§ **TASK OBJECTIVE**
Please output every entry below exactly as written, leaving out any pictures.

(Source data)
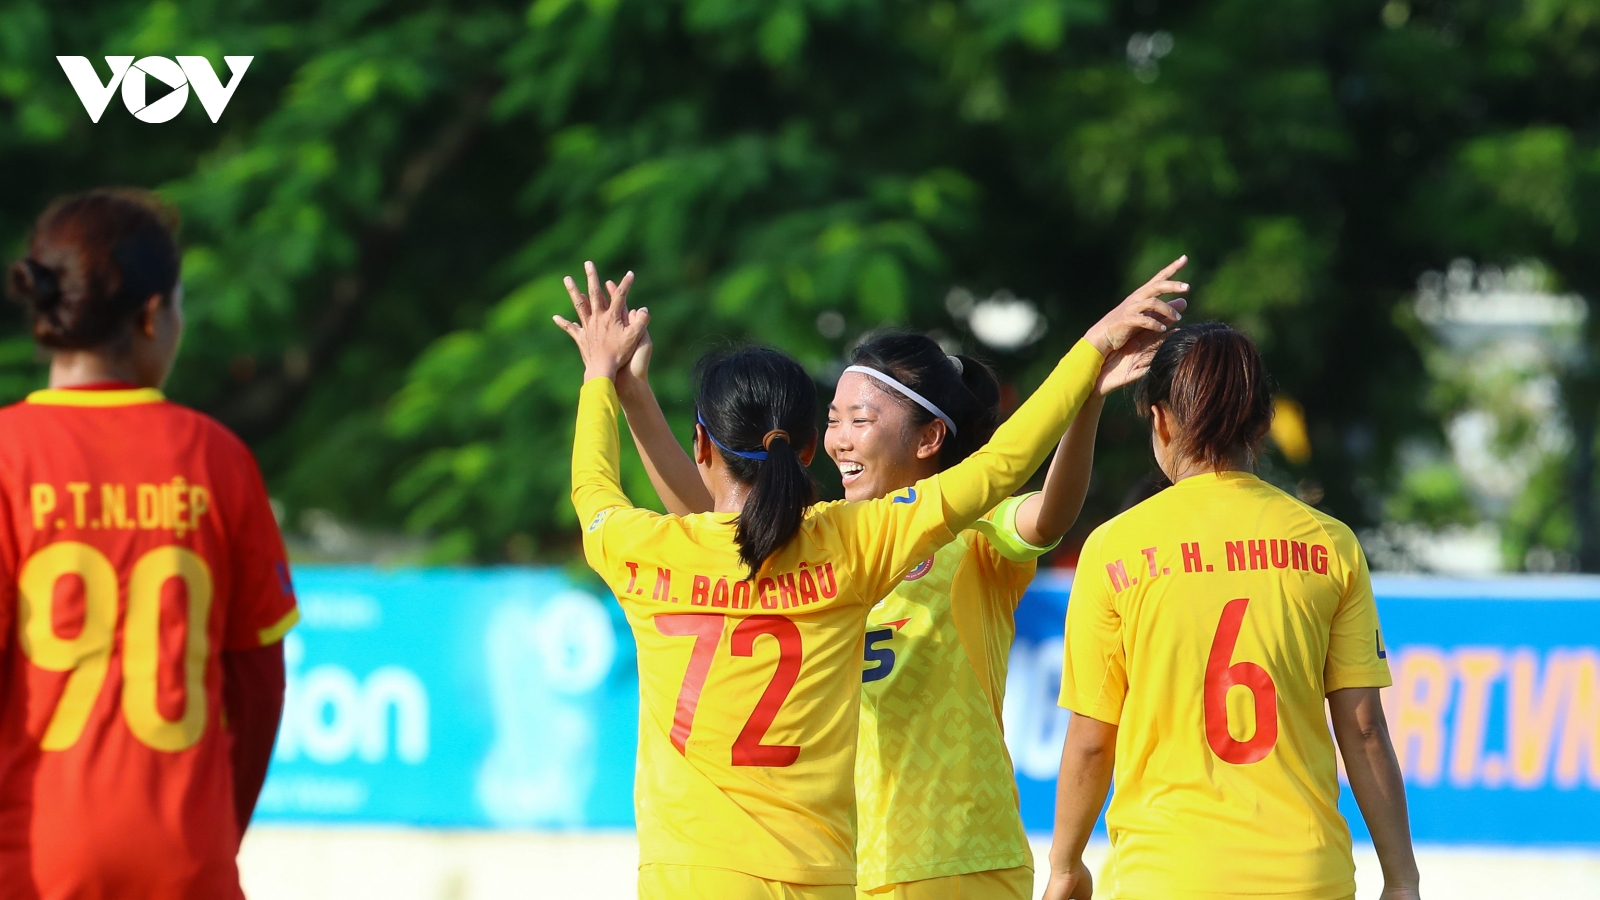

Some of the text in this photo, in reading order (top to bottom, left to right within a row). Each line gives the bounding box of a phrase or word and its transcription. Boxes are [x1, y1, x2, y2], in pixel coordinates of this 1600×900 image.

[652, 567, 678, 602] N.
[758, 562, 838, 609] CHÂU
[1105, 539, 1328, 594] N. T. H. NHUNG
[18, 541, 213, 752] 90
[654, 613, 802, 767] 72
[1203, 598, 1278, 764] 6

§ **ANSWER BOX**
Some of the text in this photo, in reading order (top to bottom, left to right within a row). Each line gives the bounding box of a phrase or word and its transcription. Boxes are [x1, y1, x2, y2], in pixel coordinates of this 1600×900 image.

[652, 567, 678, 602] N.
[758, 562, 838, 609] CHÂU
[1105, 539, 1328, 594] N. T. H. NHUNG
[18, 541, 213, 752] 90
[654, 613, 802, 767] 72
[1203, 598, 1278, 764] 6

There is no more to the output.